Modify the Makefile to support ‘SELECTION’ – a macro for quick compilation of the appropriate page replacement scheme. For example, the following line invokes the xv6 build with NFU scheduling:

make qemu SELECTION=NFU

If the SELECTION macro is omitted, NFU should be used as default. Again, it is up to you to decide which data-structures are required for each of the algorithms.

2.7. Enhanced process details viewer:

Now that you have implemented a paging framework, which supports configurable paging replacement schemes it is time to test it. Prior to actually writing the tests (see next Task), we will develop a tool to assist us in testing.

In this task you will enhance the capability of the xv6’s process details viewer. Start by running xv6. Press ctrl + P (^P) from within the shell. You should see a detailed account of currently running processes. Try running any program of your liking (e.g., stressfs) and press ^P again (during and after its execution). The ^P command provides important information (what information is that?) on each of the processes. However it reveals no information regarding the current memory state of each process.

Add the changes to the function handling ^P (see procdump at proc.c) so that the number of allocated memory pages to each process is also printed. Print the number of pages which are currently paged out. In addition print the number of times the process had page faults and the total number of times in which pages were paged out. The new ^P output should include a line for each existing process.

The ^P feature is invoked upon user demand, thus allowing the user to see the current process information. However, the final process information is important as well. Print the same information for each user process upon termination. Since in most cases this information is verbose, enable the final printing only if the quick compilation macro VERBOSE_PRINT is equal to TRUE (Similar to the SELECTION flag). If the VERBOSE_PRINT macro is omitted, FALSE is used as the default value. 2.8. Sanity tests:

Write a simple user-space program to test the paging framework you have created. Your program should allocate some memory and then use it. Check your program with the different page replacement algorithms you created in Task 2. Analyze the program's memory usage using the ^P tool you built in Task 3. This testing program should be named mmt.

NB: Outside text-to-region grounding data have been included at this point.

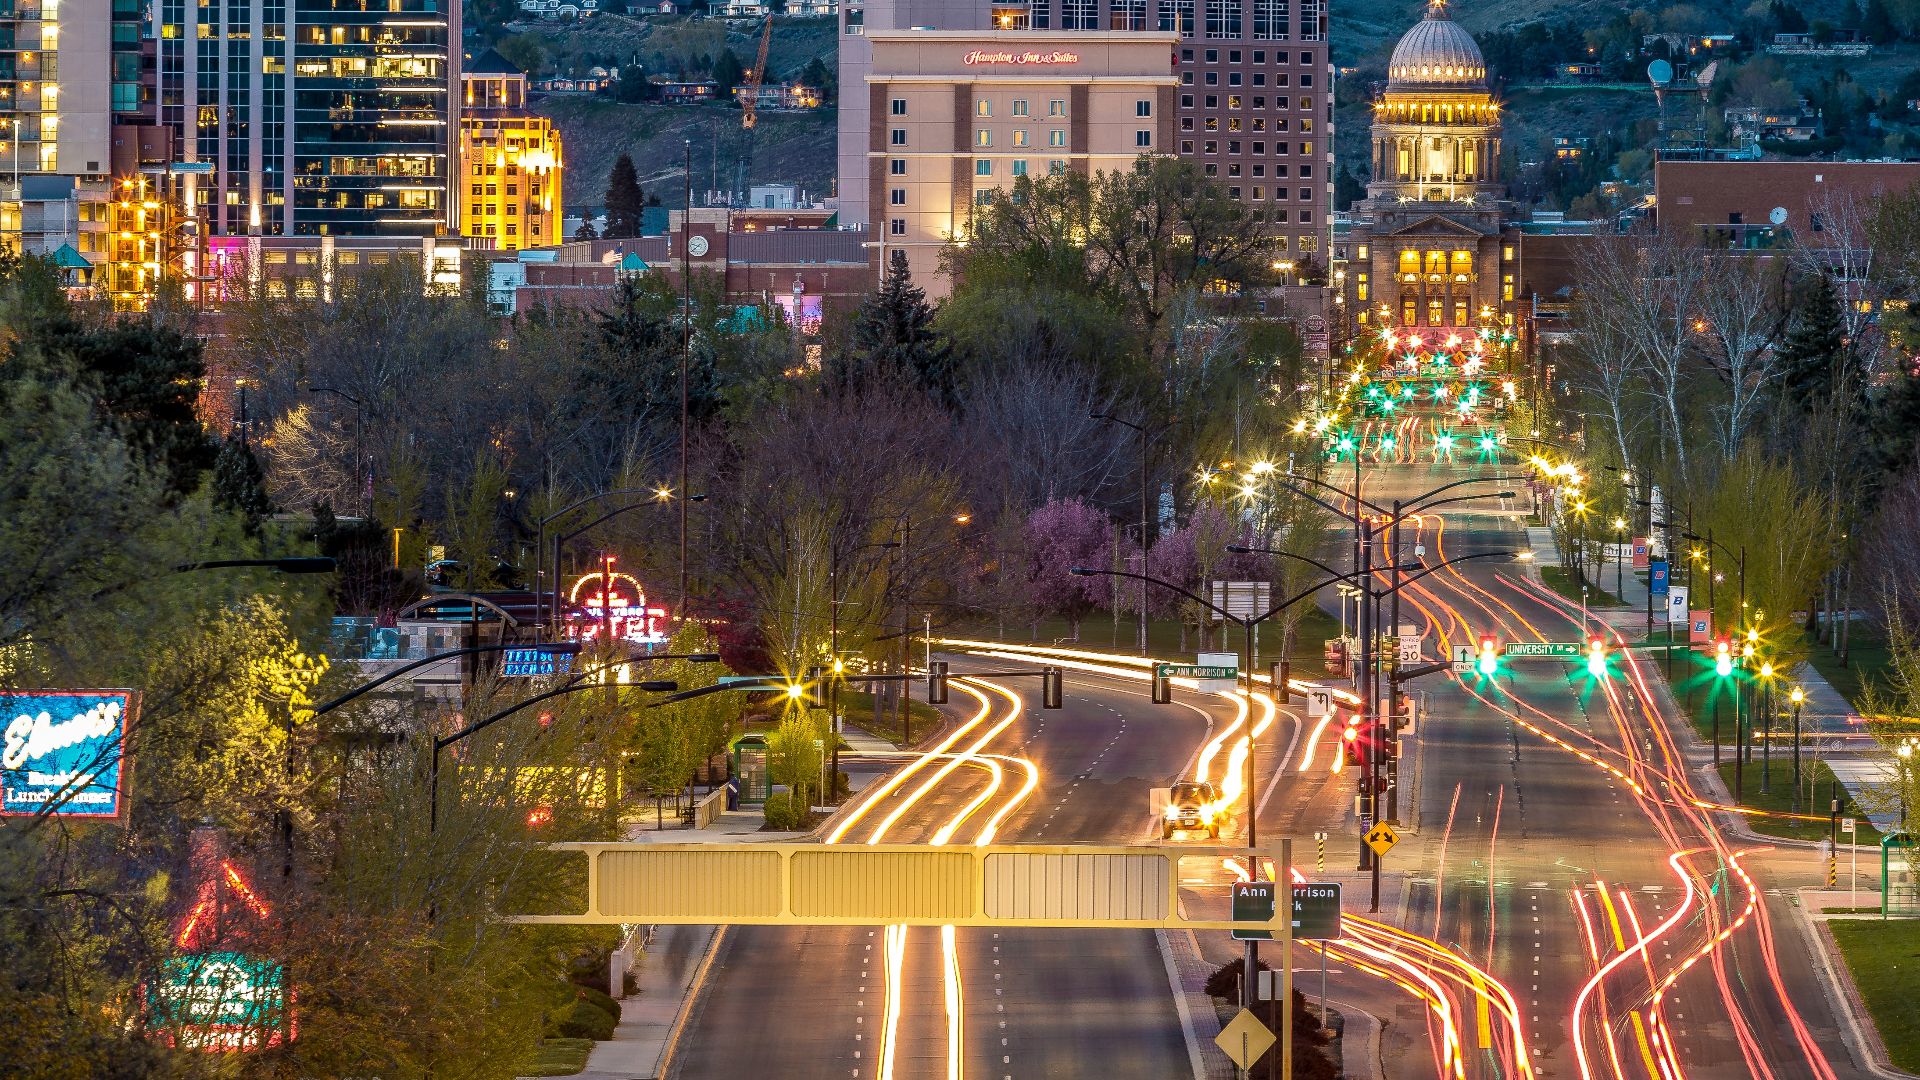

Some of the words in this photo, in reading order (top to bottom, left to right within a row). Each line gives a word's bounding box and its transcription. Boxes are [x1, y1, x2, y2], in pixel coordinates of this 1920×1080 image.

[963, 50, 1016, 64] Hampton
[1017, 51, 1043, 64] Inn
[1049, 51, 1078, 63] Suites
[1673, 596, 1683, 605] B
[1402, 650, 1419, 661] 30
[1176, 667, 1190, 676] ANN
[1192, 667, 1226, 677] MORRISON
[1239, 886, 1267, 897] Ann
[1291, 887, 1335, 898] rrison

 Be prepared to explain the fine details of your memory sanity test. Can you detect major performance differences between page replacement algorithms with it?  Make sure your test covers all aspects of your new framework, including for example the fork changes you made. Submission Guidelines

Make sure that your Makefile is properly updated and that your code compiles with no warnings whatsoever. We strongly recommend documenting your code changes with comments – these are often handy when discussing your code with the graders.

Due to our constrained resources, assignments are only allowed in pairs. Please note this important point and try to match up with a partner as soon as possible.

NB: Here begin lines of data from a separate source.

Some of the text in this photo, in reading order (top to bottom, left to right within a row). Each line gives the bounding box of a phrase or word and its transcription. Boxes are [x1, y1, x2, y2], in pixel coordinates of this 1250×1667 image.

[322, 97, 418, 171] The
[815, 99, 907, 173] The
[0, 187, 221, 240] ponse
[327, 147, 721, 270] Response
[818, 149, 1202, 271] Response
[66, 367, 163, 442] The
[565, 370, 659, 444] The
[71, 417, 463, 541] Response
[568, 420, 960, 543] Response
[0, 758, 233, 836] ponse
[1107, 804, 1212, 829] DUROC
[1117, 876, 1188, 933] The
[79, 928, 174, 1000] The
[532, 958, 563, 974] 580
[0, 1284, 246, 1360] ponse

Submissions are only allowed through the submission system. To avoid submitting a large number of xv6 builds you are required to submit a patch (i.e. a file which patches the original xv6 and applies all your changes). You may use the following instructions to guide you through the process:

Back-up your work before proceeding!

Before creating the patch review the change list and make sure it contains all the changes that you applied and noting more. Modified files are automatically detected by git but new files must be added explicitly with the ‘git add’ command:

> git add . –Av; git commit –m “commit message”

At this point you may examine the differences (the patch):

> git diff origin

Once you are ready to create a patch simply make sure the output is redirected to the patch file:

> git diff origin > ID1_ID2.patch

 Tip: Although grades will only apply your latest patch, the submission system supports multiple uploads. Use this feature often and make sure you upload patches of your current work even if you haven’t completed the assignment.

Finally, you should note that the graders are instructed to examine your code on lab computers only!

We advise you to test your code on lab computers prior to submission, and in addition after submission to download your assignment, apply the patch, compile it, and make sure everything runs and works.